Gegen das Urteil des Arbeitsgerichts kann Berufung eingelegt werden, wenn die Berufungssumme 600,- € übersteigt oder es sich um eine Berufung über das Bestehen, Nichtbestehen oder die Kündigung eines Arbeitsverhältnisses handelt.

Die frühere Unterscheidung zwischen vermögensrechtlichen und nicht vermögensrechtlichen Streitigkeiten wurde aufgehoben. Das Arbeitsgericht kann auch unabhängig vom Beschwerdewert die Berufung zulassen, § 64 Abs. 2 ArbGG, z.B. bei grundsätzlicher Bedeutung der Rechtssache, vgl. MünchAR, Brehm, § 391 Rn. 3 c, 2. Auflage.

Revision beim Bundesarbeitsgericht

Nach § 72 Abs. 1 ArbGG kann gegen das Endurteil des LAG Revision eingelegt werden, wenn sie in dem Urteil des LAG oder in einem Beschluss des BAG nach § 72 a Abs. 5 Satz 2 zugelassen wurde. Das LAG hat die Revision zuzulassen, wenn die Rechtssache grundsätzliche Bedeutung hat und somit der Rechtsfortbildung dient.

Die Revision ist auch dann zuzulassen, wenn die Entscheidung des LAG z.B. von einer Entscheidung des BAG abweicht, § 72 Abs. 2 Nr. 2 ArbGG.

Nach § 76 ArbGG ist die Sprungrevision zulässig, wenn der Prozessgegner schriftlich zustimmt und sie vom Arbeitsgericht auf Antrag im Urteil oder nachträglich durch Beschluss des Arbeitsgerichts zugelassen wird.

Das BAG kann das Urteil des LAG nur auf Rechtsfehler hin überprüfen, § 73 ArbGG.

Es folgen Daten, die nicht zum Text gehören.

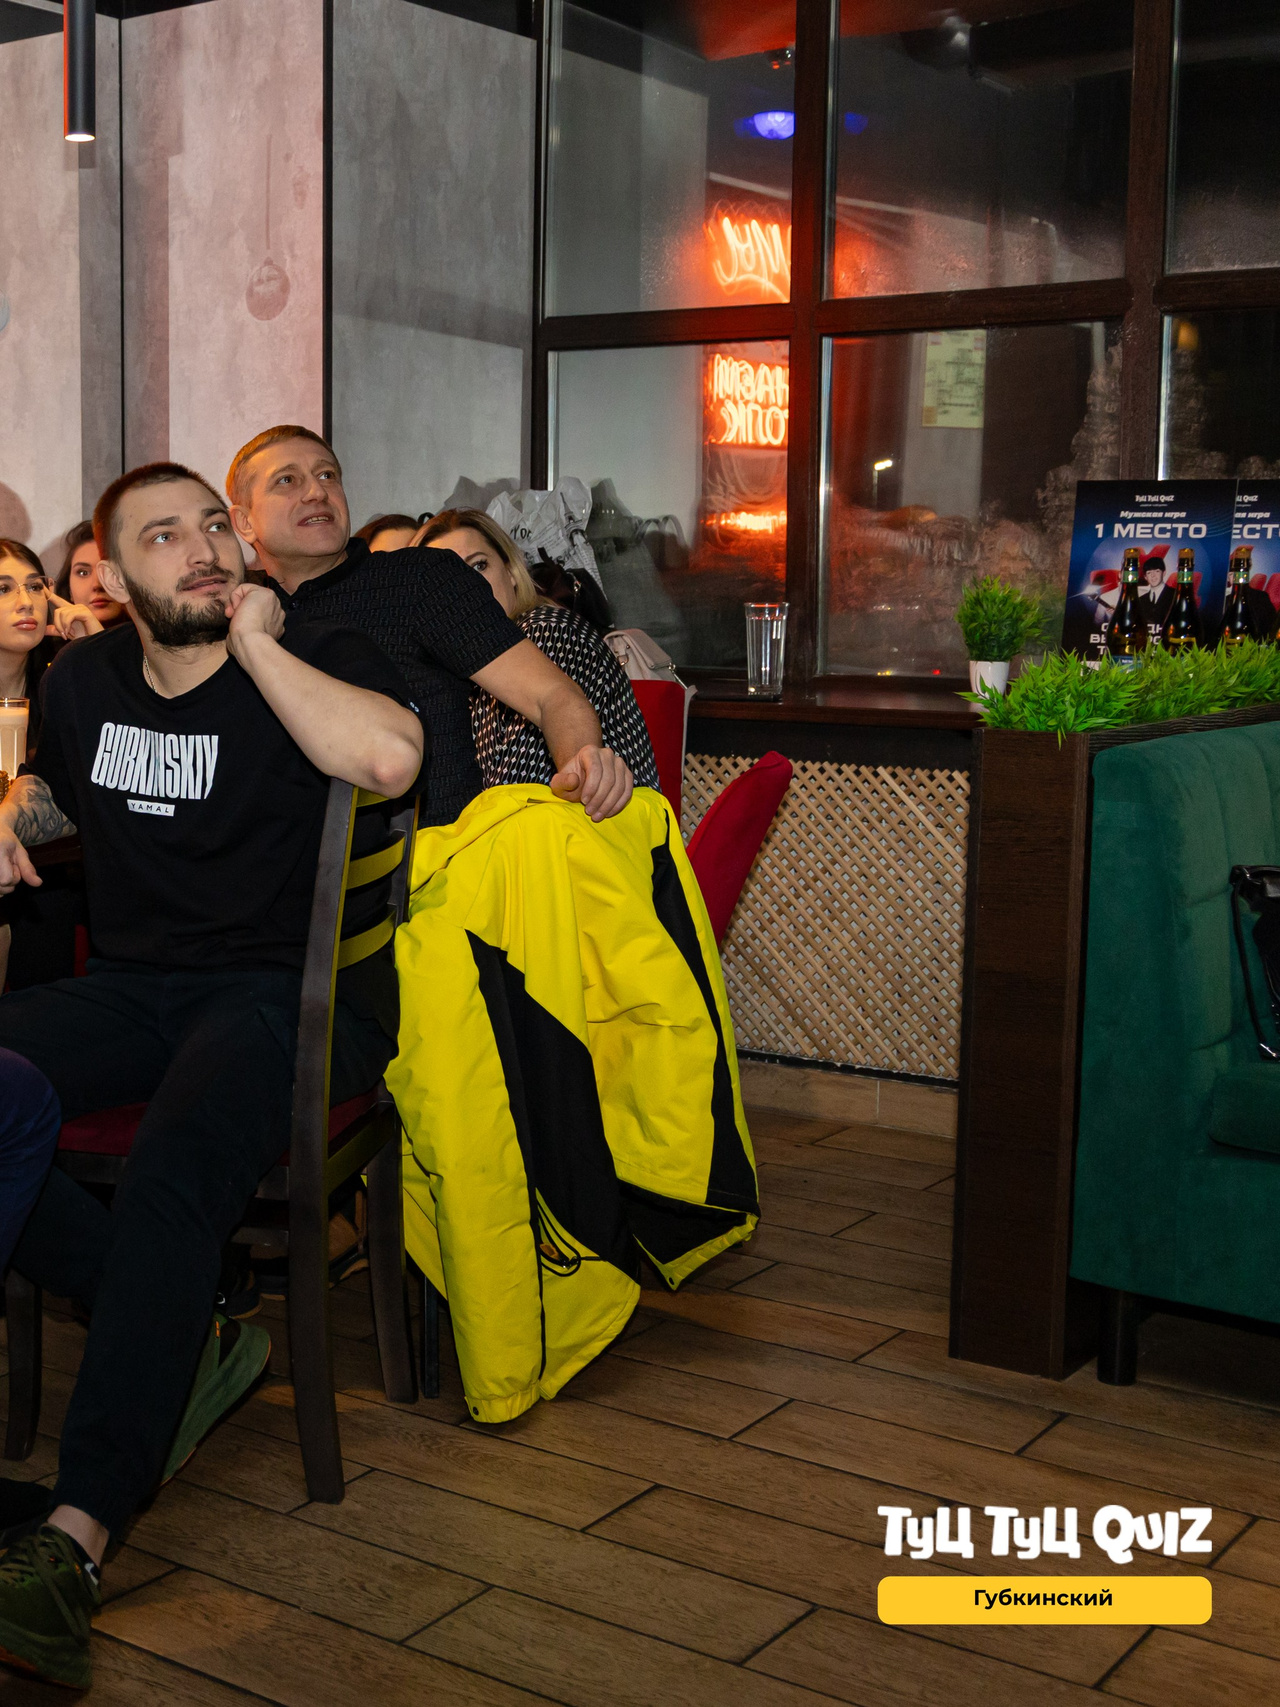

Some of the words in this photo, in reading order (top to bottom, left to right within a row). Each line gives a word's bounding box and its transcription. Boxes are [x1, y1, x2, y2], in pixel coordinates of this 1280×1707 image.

[1120, 511, 1163, 519] Мужская
[1164, 511, 1187, 519] игра
[1095, 523, 1104, 538] 1
[1113, 523, 1207, 539] МЕСТО
[91, 722, 219, 799] GUBKINSKIY
[131, 802, 169, 813] YAMAL

Das BAG kann somit abschließend entscheiden oder den Sachverhalt zur weiteren Klärung und erneuten Verhandlung an das LAG zurückverweisen.

Das Beschlussverfahren

Das Beschlussverfahren, §§ 80 ff. ArbGG ist nach § 2a Abs. 1 Nr. 1 ArbGG für Rechtstreitigkeiten aus dem Betriebsverfassungsgesetz auf Antrag einzuleiten. Der Antrag ist beim zuständigen Arbeitsgericht schriftlich einzureichen oder mündlich zur Niederschrift einzubringen. Beteiligte sind auf der einen Seite der Antragsteller und auf der anderen der Antragsgegner.

Das Arbeitsgericht erforscht den Sachverhalt im Rahmen der gestellten Anträge von Amts wegen. Die Beteiligten haben an der Aufklärung des Sachverhalts mitzuwirken. Nach § 84 ArbGG entscheidet das Gericht nach seiner freien, aus dem Gesamtergebnis des Verfahrens gewonnenen Überzeugung. Der Beschluss ist schriftlich abzufassen.

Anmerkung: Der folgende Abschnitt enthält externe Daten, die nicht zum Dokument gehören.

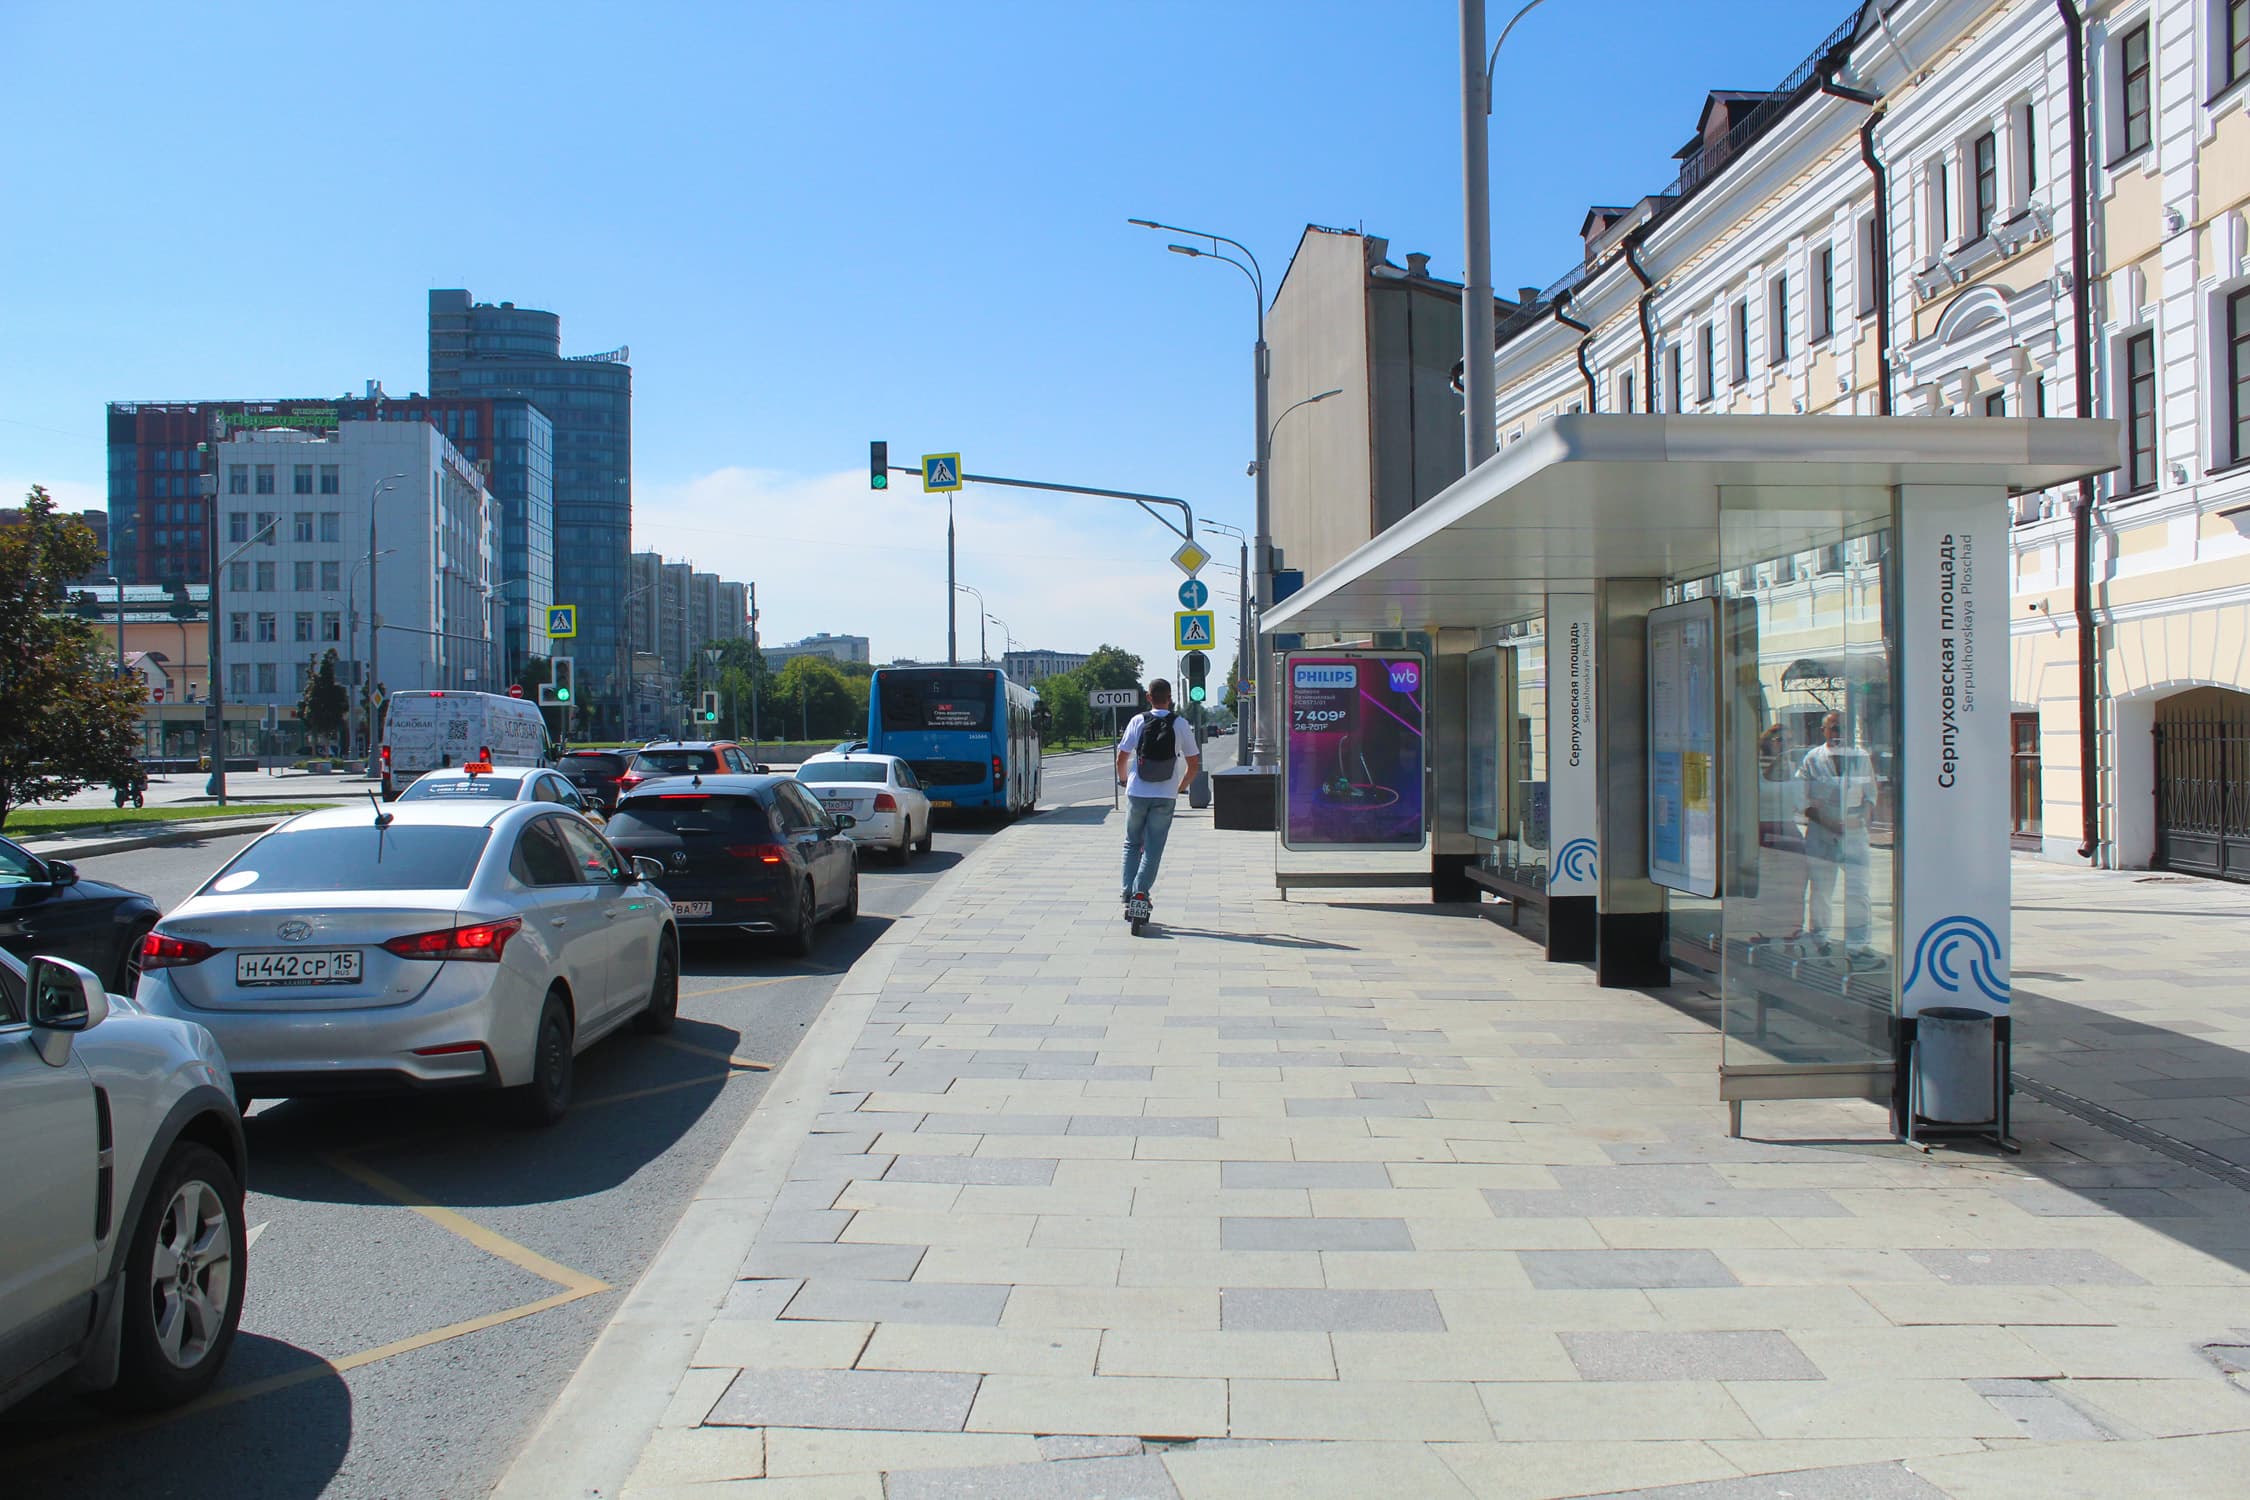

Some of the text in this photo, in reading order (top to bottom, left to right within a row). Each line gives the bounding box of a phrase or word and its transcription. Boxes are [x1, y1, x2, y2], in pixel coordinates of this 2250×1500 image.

[1960, 534, 1976, 712] Serpukhovskaya Ploschad
[1938, 534, 1959, 788] Серпуховская площадь
[1297, 671, 1353, 683] PHILIPS
[1391, 668, 1417, 684] wb
[1097, 692, 1131, 704] СТОП
[1569, 622, 1583, 767] Серпуховская площадь
[334, 954, 353, 970] 15

Nach § 85 ArbGG findet aus rechtskräftigen Beschlüssen durch, die einem Beteiligten Verpflichtungen auferlegt werden, die Zwangsvollstreckung statt. Nach § 85 Abs. 2 ArbGG ist der Erlass einer einstweiligen Verfügung zulässig.

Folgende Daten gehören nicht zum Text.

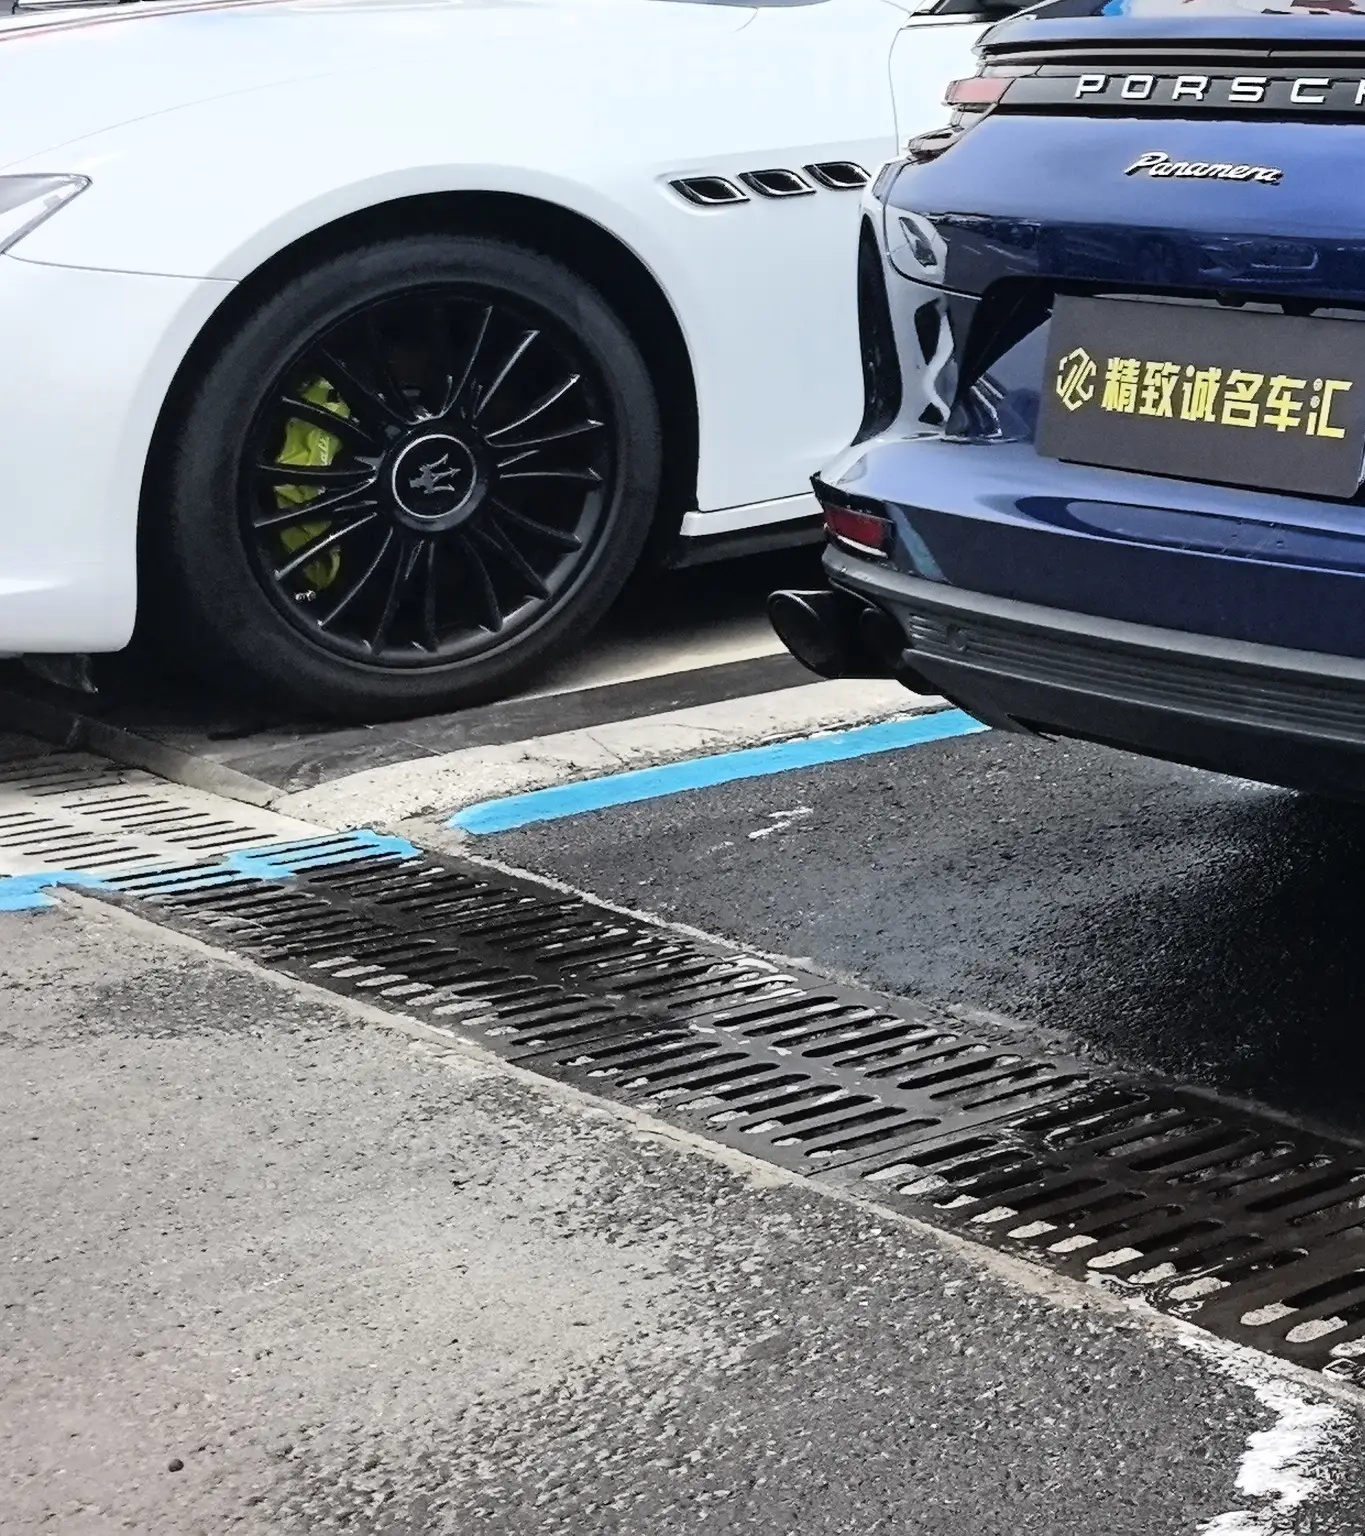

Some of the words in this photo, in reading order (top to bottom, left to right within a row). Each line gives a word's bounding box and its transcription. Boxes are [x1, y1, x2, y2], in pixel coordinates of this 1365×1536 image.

[1124, 151, 1284, 184] Panamera
[1101, 356, 1353, 439] 精致诚名车汇

Gegen den Beschluss des Arbeitsgerichts kann binnen Monatsfrist die Beschwerde beim LAG eingelegt werden, analoge Anwendung des § 66 Abs. 1 S. 1 ArbGG.

Gegen Beschlüsse des LAG kann Rechtsbeschwerde beim BAG eingelegt werden. Hierbei gelten die gleichen Verfahrensgrundsätze wie beim Urteilsverfahren, z.B. grundsätzliche Bedeutung der Rechtssache oder abweichende Entscheidungen; LAG zu BAG.